The manager reported the conversation to the company CEO, who was particularly disturbed by the disclosure of the new executive’s salary, which was confidential.  There was an investigation into how the computer engineer knew the executive’s salary.  It was found that a project he was working on allowed him to view confidential information.  The CEO then met with the computer engineer and asked how he obtained the confidential information.  The computer engineer did not give a straight answer.  He first said he found it on the Internet and denied that he had gone into the HR data base.  He next said the executive’s salary was water cooler scuttlebutt, and then claimed he had heard it from two employees.
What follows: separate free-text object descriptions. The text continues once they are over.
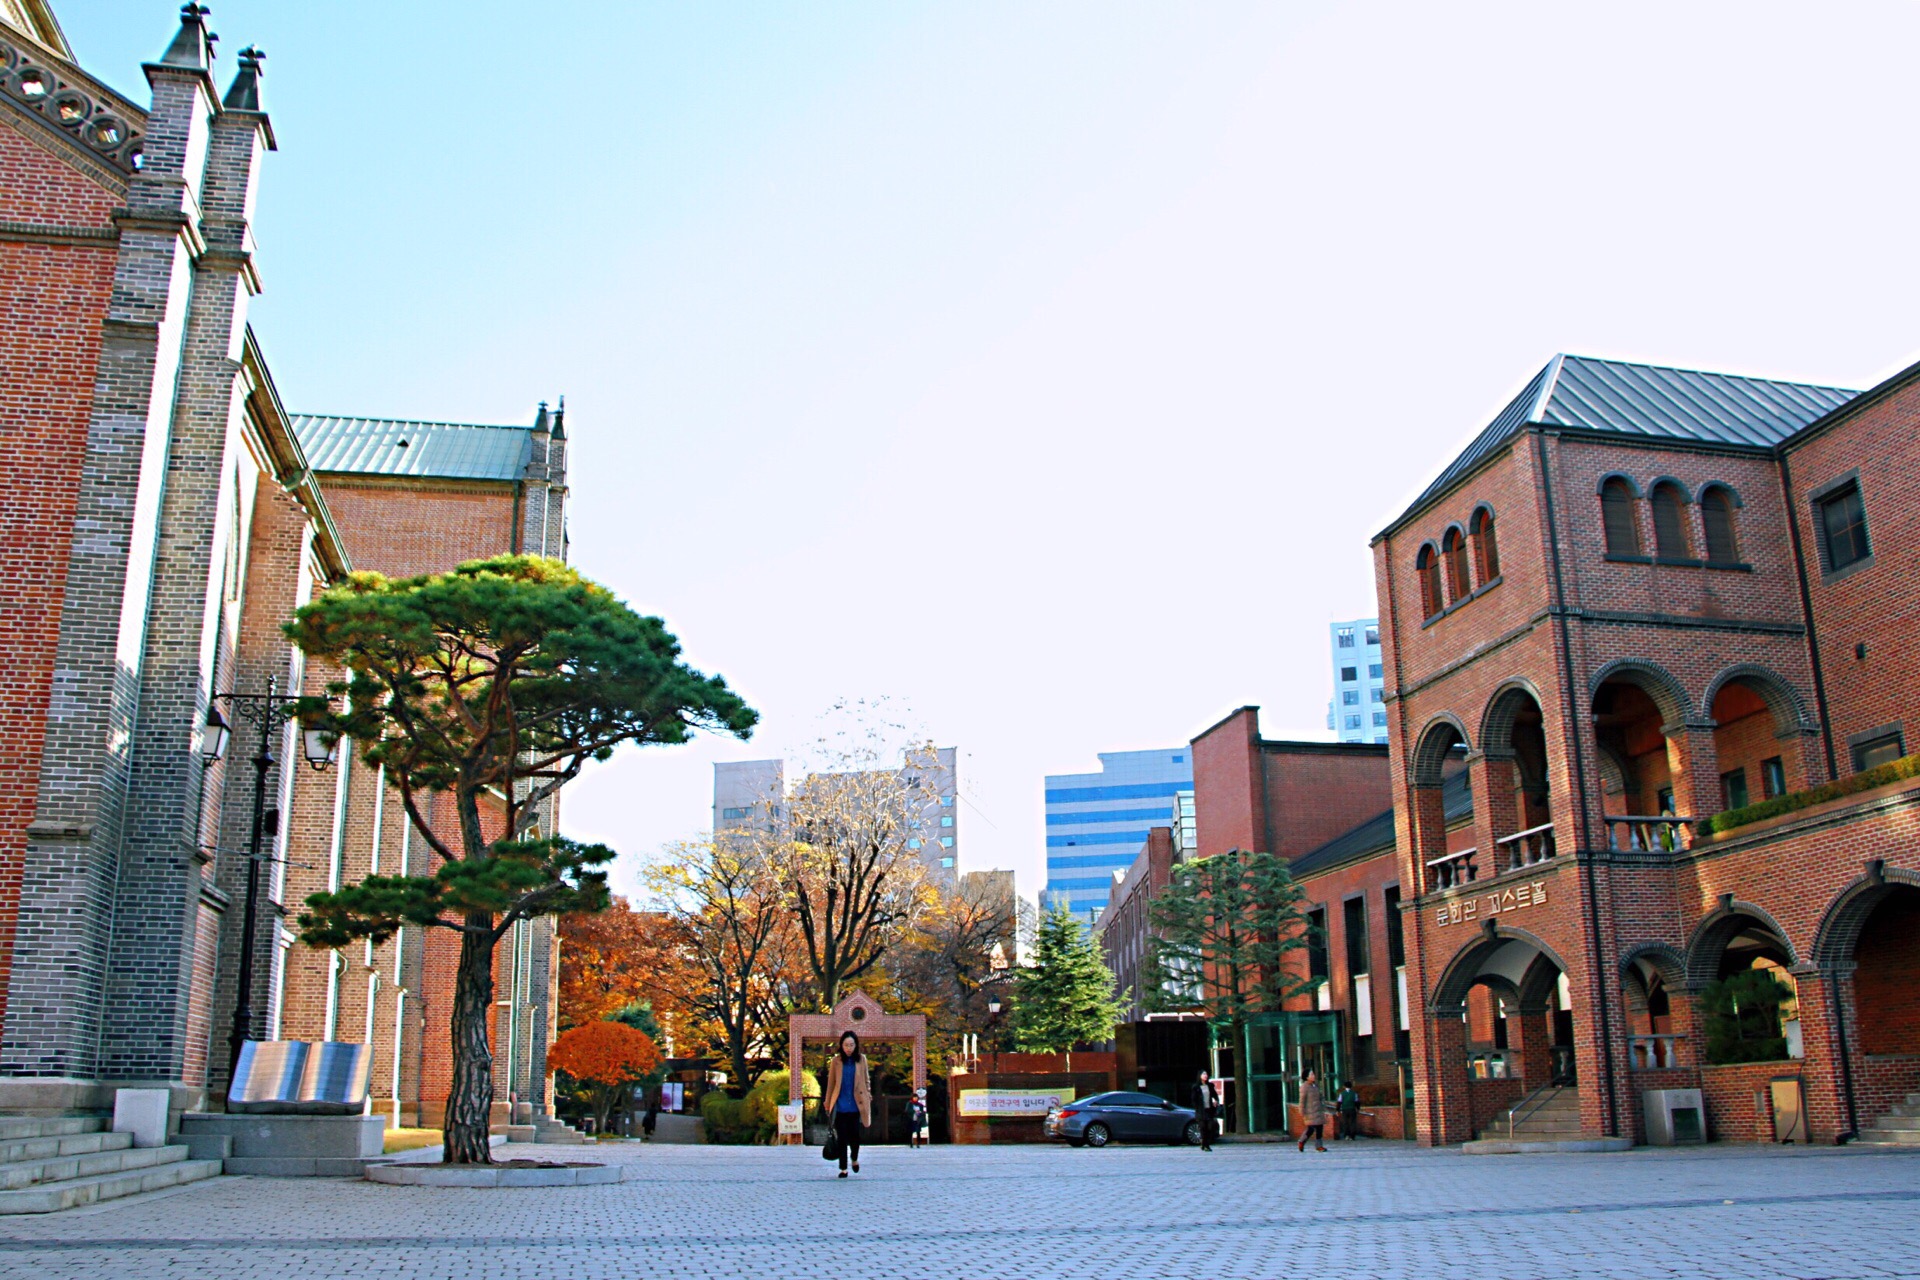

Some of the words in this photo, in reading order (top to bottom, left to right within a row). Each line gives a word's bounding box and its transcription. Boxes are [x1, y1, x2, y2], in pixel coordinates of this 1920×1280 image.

[1436, 900, 1478, 927] 문화관
[1487, 881, 1547, 915] 꼬스트홀
[968, 1099, 987, 1108] 이곳은
[990, 1099, 1020, 1108] 금연구역
[1023, 1099, 1045, 1108] 입니다
Shocked at hearing this explanation, the CEO spoke with one of these long-time employees, who denied providing any confidential information.  The CEO concluded that the computer engineer had breached the company’s confidentiality policy, had lied to him, and was not trustworthy.  As the business required maintaining confidentiality of customer data, the CEO fired the computer engineer for lying and disclosing confidential information.

The fired employee fought his discharge at the National Labor Relations Board (NLRB).  After a hearing, an administrative law judge (ALJ), concluded that the computer engineer’s lunch comments were protected, that the Company’s confidentiality policy was overly broad and unlawful, and that the firing was unlawful. The NLRB upheld that decision ordering reinstatement and back pay.  An appeal followed.
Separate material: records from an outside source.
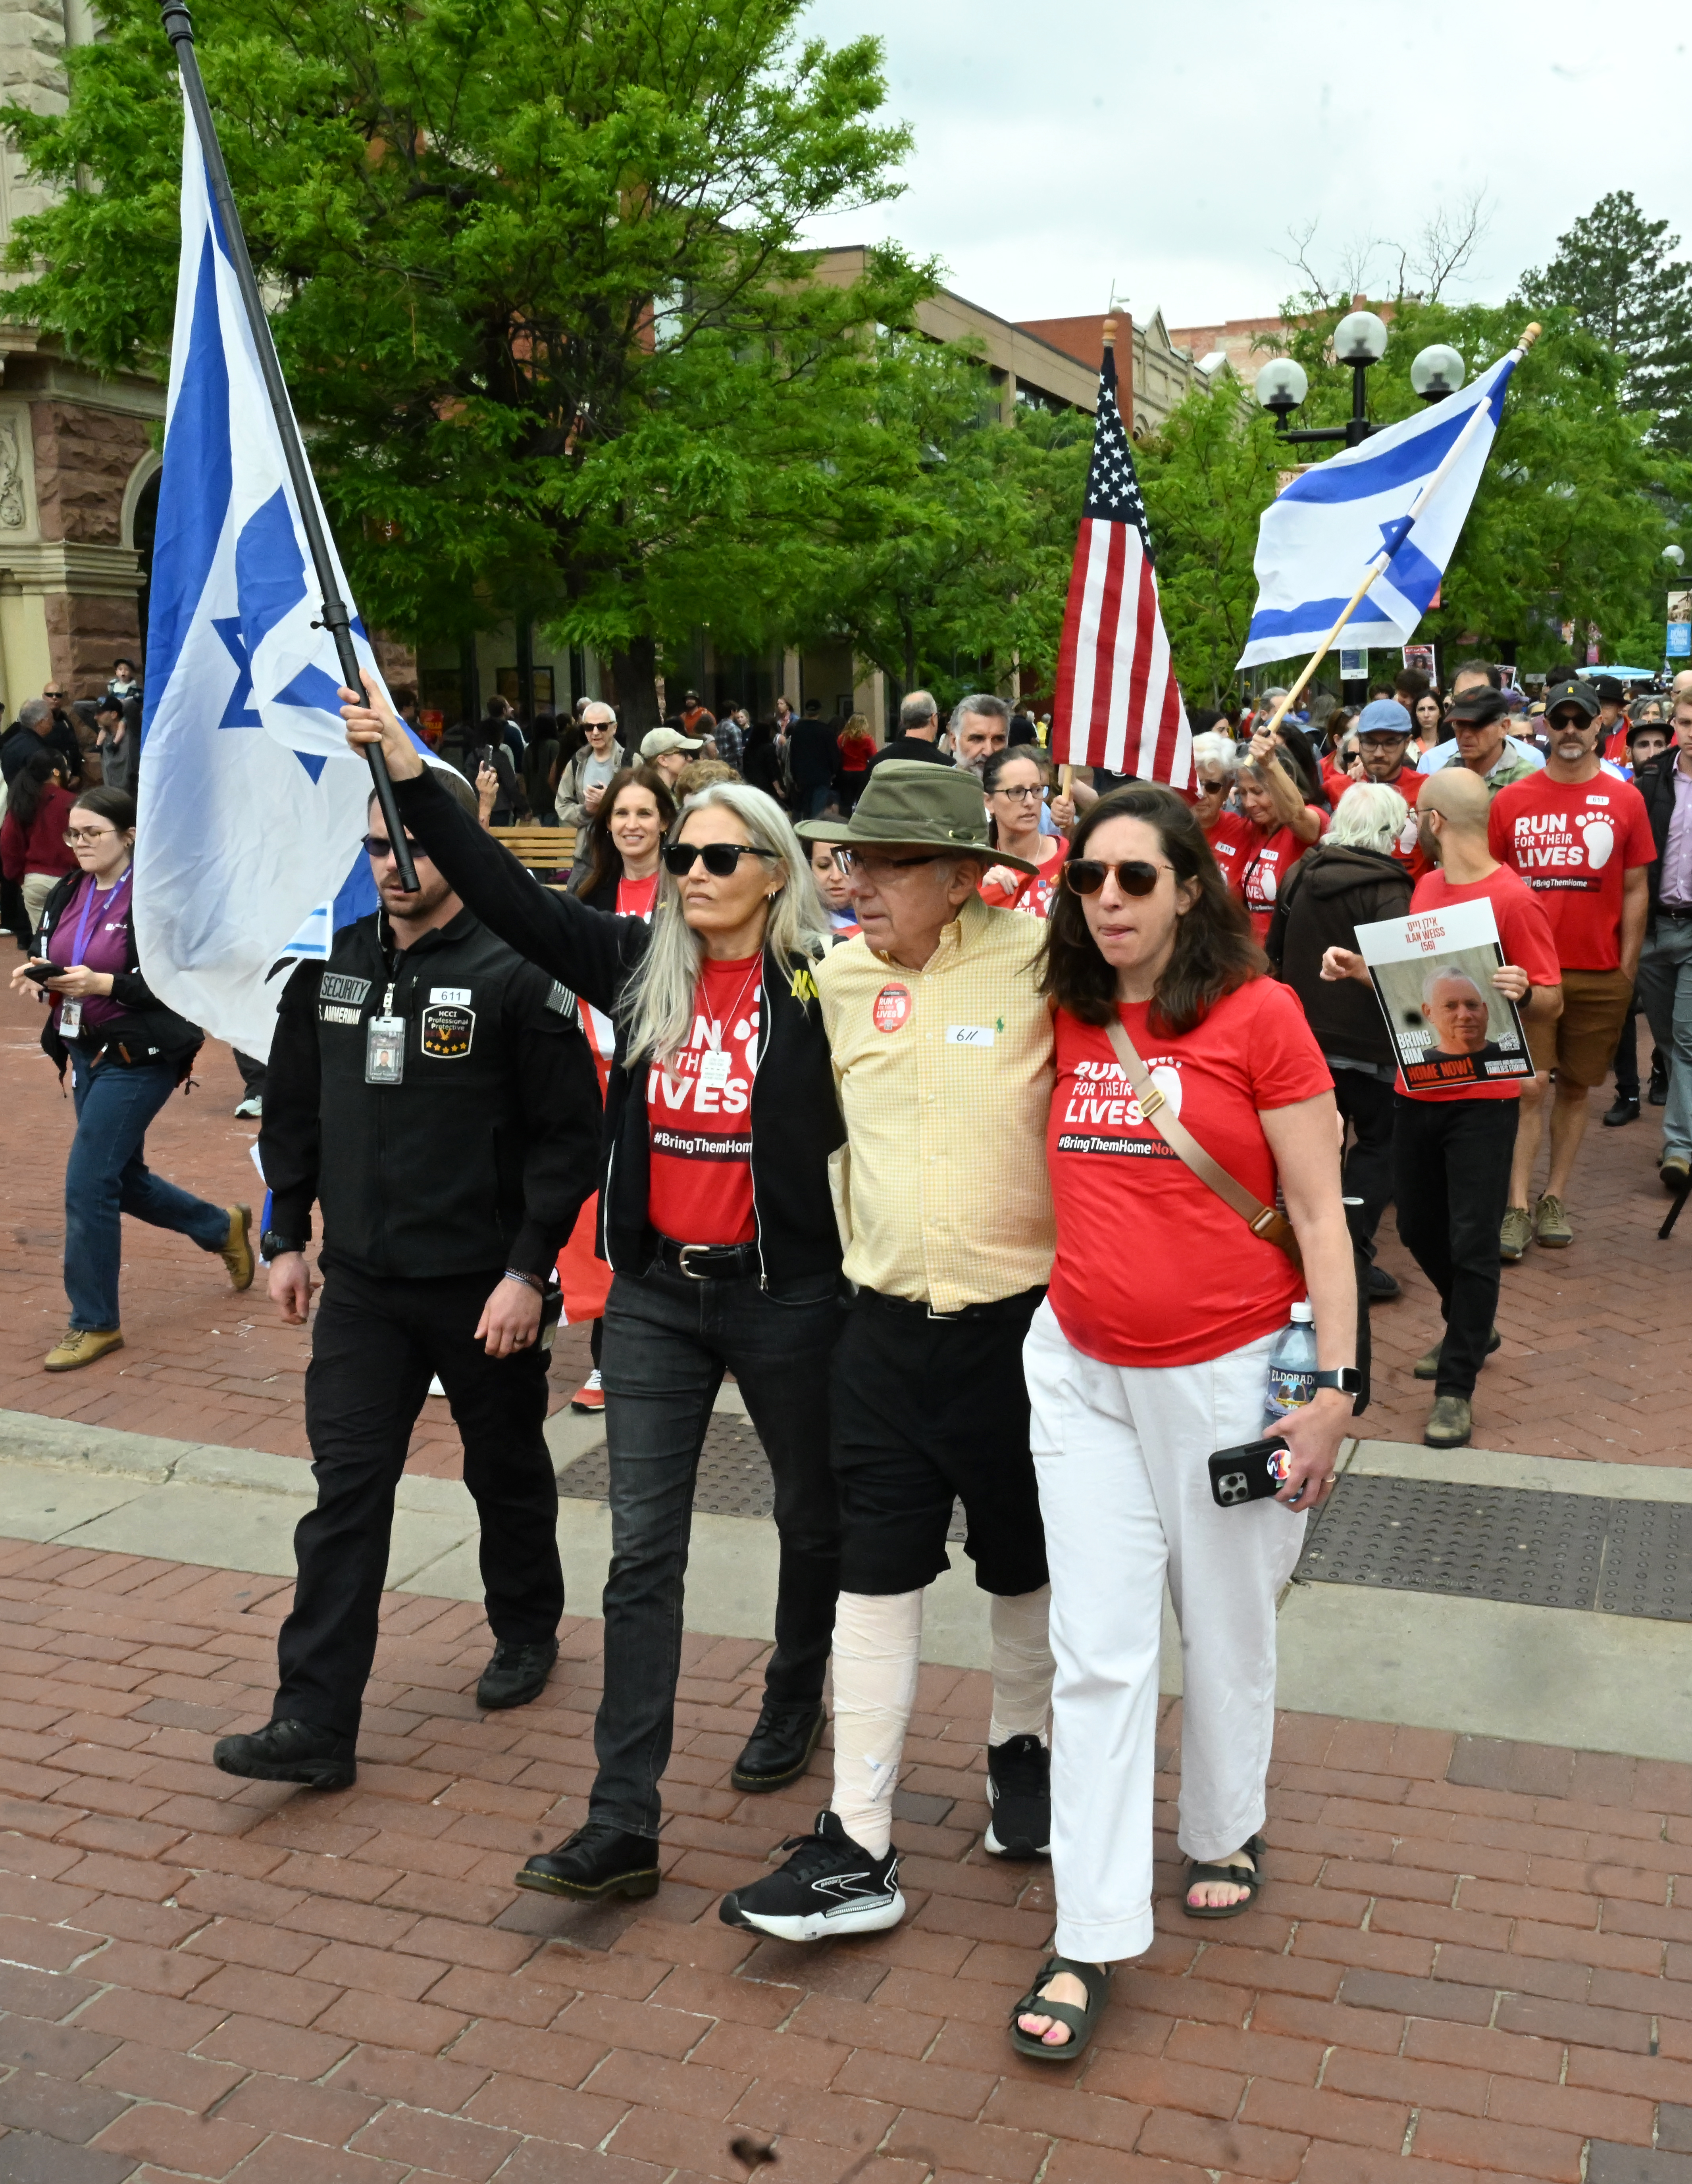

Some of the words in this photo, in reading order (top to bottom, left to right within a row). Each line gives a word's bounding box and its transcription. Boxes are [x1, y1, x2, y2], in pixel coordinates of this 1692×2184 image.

[1515, 813, 1567, 836] RUN
[1515, 835, 1535, 848] FOR
[1539, 833, 1573, 845] THEIR
[1516, 846, 1584, 868] LIVES
[1405, 932, 1422, 943] ILAN
[1422, 927, 1446, 940] WEISS
[1421, 940, 1436, 953] (56)
[321, 975, 369, 1002] SECURITY
[441, 991, 461, 1002] 611
[324, 1005, 362, 1025] AMMERMAN
[428, 1016, 468, 1025] Professional
[876, 1010, 897, 1019] LIVES
[956, 1028, 978, 1041] 611
[1396, 1029, 1432, 1049] BRING
[1401, 1047, 1425, 1065] HIM
[1406, 1063, 1440, 1082] HOME
[1440, 1057, 1474, 1077] NOW!
[645, 1069, 749, 1114] IVES
[1072, 1082, 1096, 1096] FOR
[1099, 1082, 1133, 1096] THEIR
[1064, 1099, 1144, 1125] LIVES
[653, 1132, 752, 1154] #BringThemHom
[1271, 1369, 1315, 1385] ELDORAD
The Court noted that the computer engineer had not discussed the work situation with others before the lunch nor did he seek support from others afterwards.  The Court held, however that prior action, being selected as a spokesperson, or having plans to pursue the issue with others afterwards is not required for protected activity.  What does matter is whether the conduct was taken with the intent to induce or effect group action in furtherance of group interests.  As the computer engineer’s complaints related to work, they were protected as two co-workers had agreed with his views.
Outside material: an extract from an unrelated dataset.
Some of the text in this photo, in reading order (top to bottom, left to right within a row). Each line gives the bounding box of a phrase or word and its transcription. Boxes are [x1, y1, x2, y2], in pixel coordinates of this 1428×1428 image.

While the NLRB ended its analysis there, the Court determined that the Company had the right to explain the reason for the termination.  There needed to be a review whether the Company would have fired the computer engineer for a reason that did not involve protected activity, such as his evasiveness, dishonesty, and lack of trustworthiness.

The computer engineer’s shifting explanations raised issues of honesty and trust and could be independent reasons for the firing.  As neither the ALJ nor the NLRB had considered the alternative basis for the discharge and had not explored whether the reasons were a pretext for an unlawful firing, the Court sent the case back for a further examination of the employer’s rationale.  The Court told the NLRB to examine whether the company had established the importance of integrity and honesty in its business and whether employees had been disciplined in the past for similar activities.

We recommend before firing any employee to closely review the facts when an employee is raising concerns about work.

Is he simply griping on his own account or serving as a spokesperson for others?  Have others agreed with him?  If so, he probably is engaged in “protected concerted activity.”  This can occur even if there is no union and no union organizing taking place.  If the comments warrant discipline, conduct a review of what expectations have been violated; are those expectations in writing and narrowly drawn to be enforceable; and have others been disciplined in the past for similar activities.  Undertaking this review in advance could save 5 years of litigation and legal fees.  Further, a review of the policy relied on to support discipline is required as the NLRB has been scrutinizing policies to favor employee rights.

This case is another reminder that terminations should occur only after analysis and reflection and policies need to be carefully drafted to satisfy the NLRB.